### What to produce
Every picture stays out; everything else in the listing below is to be returned exactly.

----- Data supplied

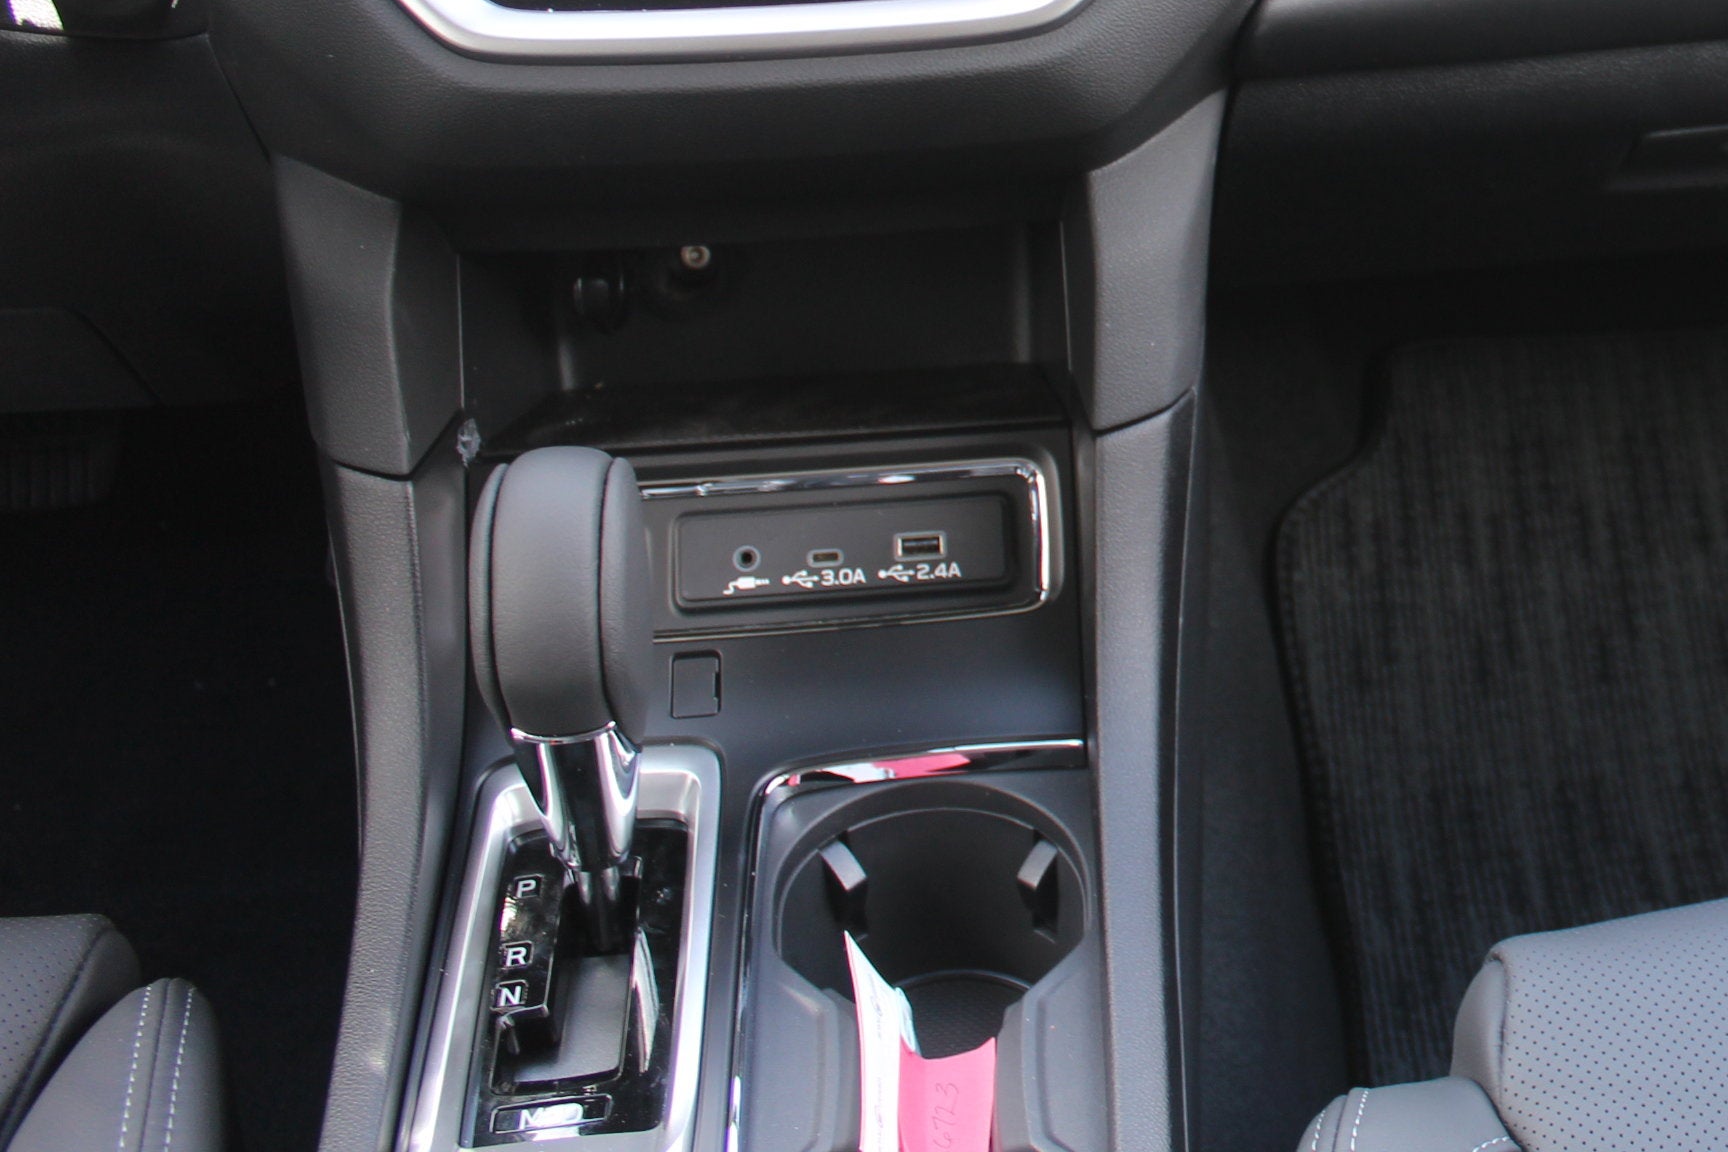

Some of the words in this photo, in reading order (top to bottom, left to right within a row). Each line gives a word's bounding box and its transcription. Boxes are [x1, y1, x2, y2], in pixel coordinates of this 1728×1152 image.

[820, 568, 866, 586] 3.0A
[916, 562, 962, 580] 2.4A
[516, 878, 537, 899] P
[505, 946, 527, 968] R
[500, 985, 522, 1007] N
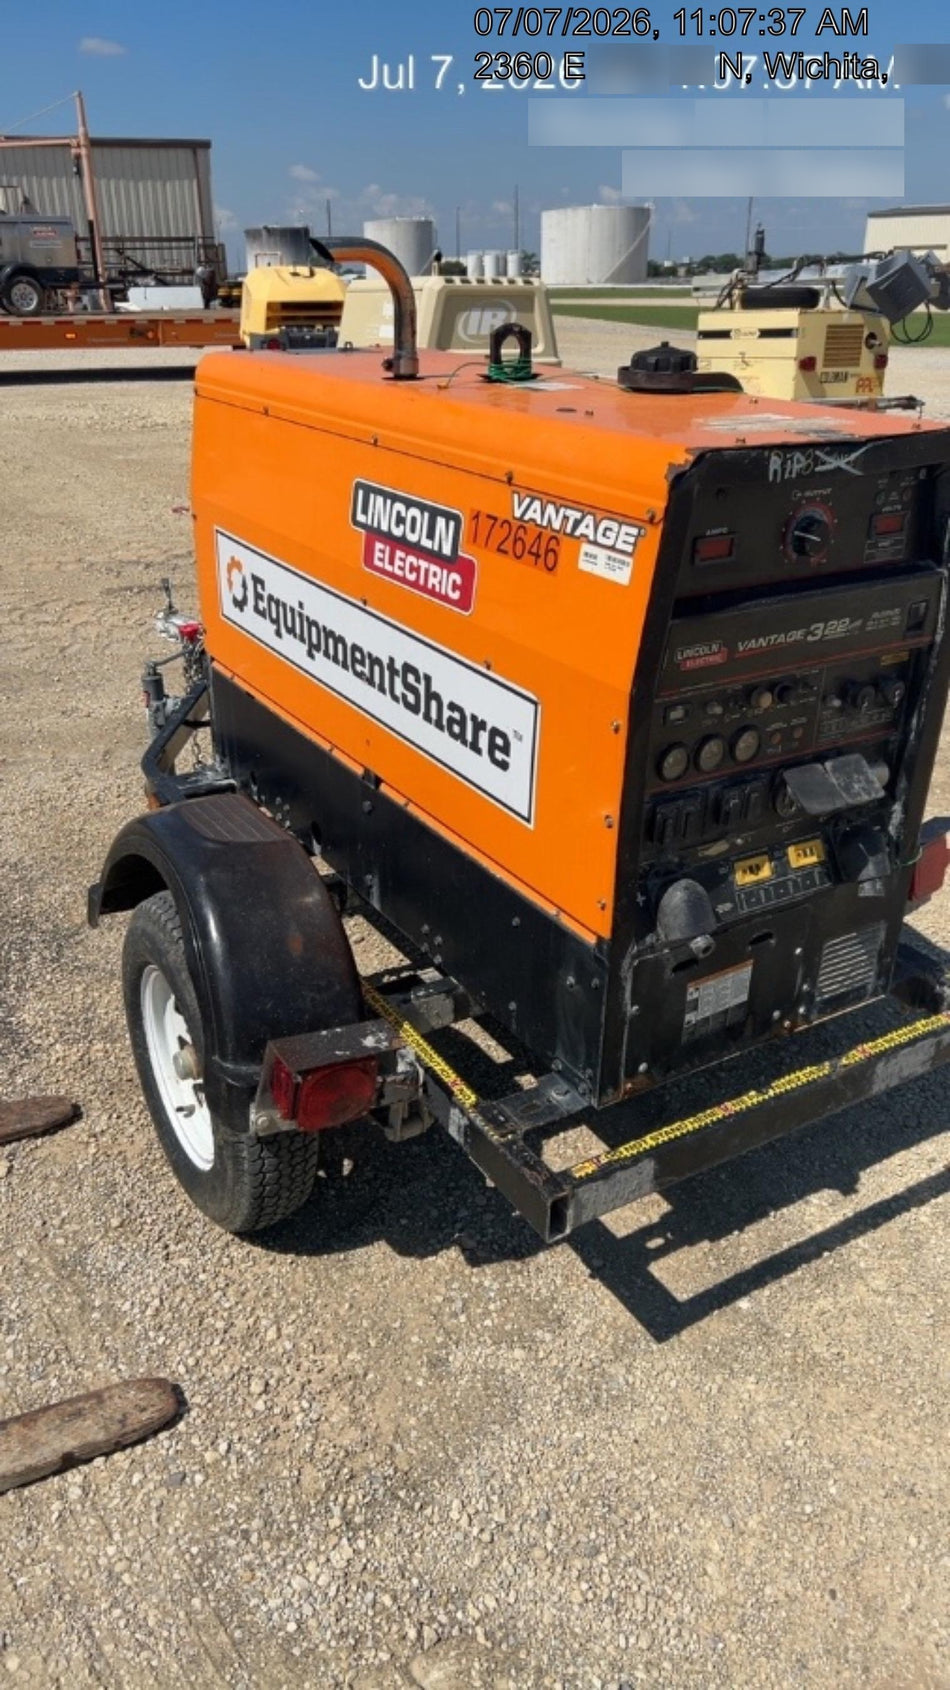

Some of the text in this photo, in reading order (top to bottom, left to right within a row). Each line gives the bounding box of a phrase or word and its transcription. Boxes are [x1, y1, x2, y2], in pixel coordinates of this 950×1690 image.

[355, 488, 456, 557] LINCOLN
[470, 510, 560, 573] 172646
[511, 492, 641, 554] VANTAGE
[373, 540, 463, 601] ELECTRIC
[681, 643, 720, 661] LINCOLN
[737, 629, 806, 652] VANTAGE
[251, 573, 512, 772] EquipmentShare
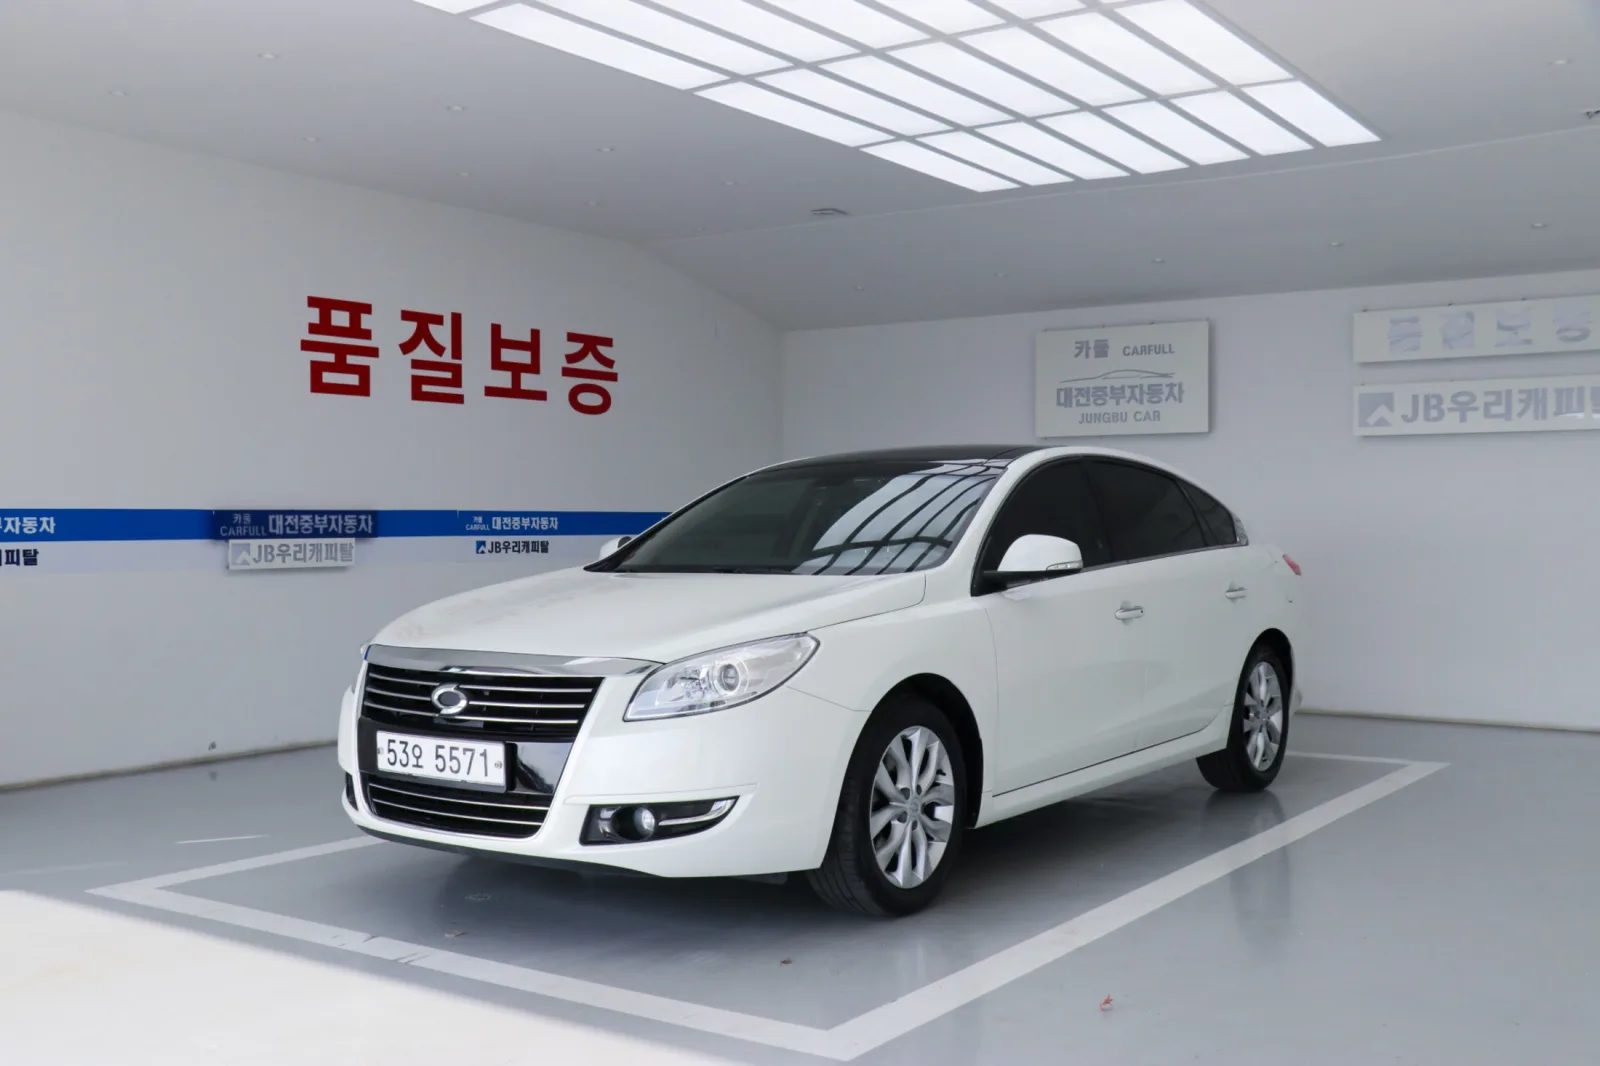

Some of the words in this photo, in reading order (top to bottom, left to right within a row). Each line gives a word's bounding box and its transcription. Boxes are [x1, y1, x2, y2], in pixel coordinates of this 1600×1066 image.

[300, 295, 619, 416] 품질보증
[1122, 343, 1175, 357] CARFULL
[1056, 382, 1184, 408] 대전중부자동차
[1078, 412, 1128, 424] JUNGBU
[1133, 410, 1161, 422] CAR
[0, 516, 56, 534] 자동차
[219, 525, 267, 537] CARFULL
[268, 514, 373, 534] 대전중부자동차
[491, 516, 559, 530] 대전중부자동차
[252, 542, 354, 563] JB우리캐피탈
[487, 540, 549, 554] JB우리캐피탈
[0, 548, 39, 566] 피탈
[434, 744, 489, 778] 5571

----------

### The answer
Some of the words in this photo, in reading order (top to bottom, left to right within a row). Each line gives a word's bounding box and its transcription. Boxes are [x1, y1, x2, y2], in pixel coordinates of this 1728×1152 image.

[820, 568, 866, 586] 3.0A
[916, 562, 962, 580] 2.4A
[516, 878, 537, 899] P
[505, 946, 527, 968] R
[500, 985, 522, 1007] N

Some of the text in this photo, in reading order (top to bottom, left to right within a row). Each line gives the bounding box of a phrase or word and its transcription. Boxes are [x1, y1, x2, y2], in pixel coordinates of this 950×1690 image.

[355, 488, 456, 557] LINCOLN
[470, 510, 560, 573] 172646
[511, 492, 641, 554] VANTAGE
[373, 540, 463, 601] ELECTRIC
[681, 643, 720, 661] LINCOLN
[737, 629, 806, 652] VANTAGE
[251, 573, 512, 772] EquipmentShare

Some of the words in this photo, in reading order (top to bottom, left to right within a row). Each line gives a word's bounding box and its transcription. Boxes are [x1, y1, x2, y2], in pixel coordinates of this 1600×1066 image.

[300, 295, 619, 416] 품질보증
[1122, 343, 1175, 357] CARFULL
[1056, 382, 1184, 408] 대전중부자동차
[1078, 412, 1128, 424] JUNGBU
[1133, 410, 1161, 422] CAR
[0, 516, 56, 534] 자동차
[219, 525, 267, 537] CARFULL
[268, 514, 373, 534] 대전중부자동차
[491, 516, 559, 530] 대전중부자동차
[252, 542, 354, 563] JB우리캐피탈
[487, 540, 549, 554] JB우리캐피탈
[0, 548, 39, 566] 피탈
[434, 744, 489, 778] 5571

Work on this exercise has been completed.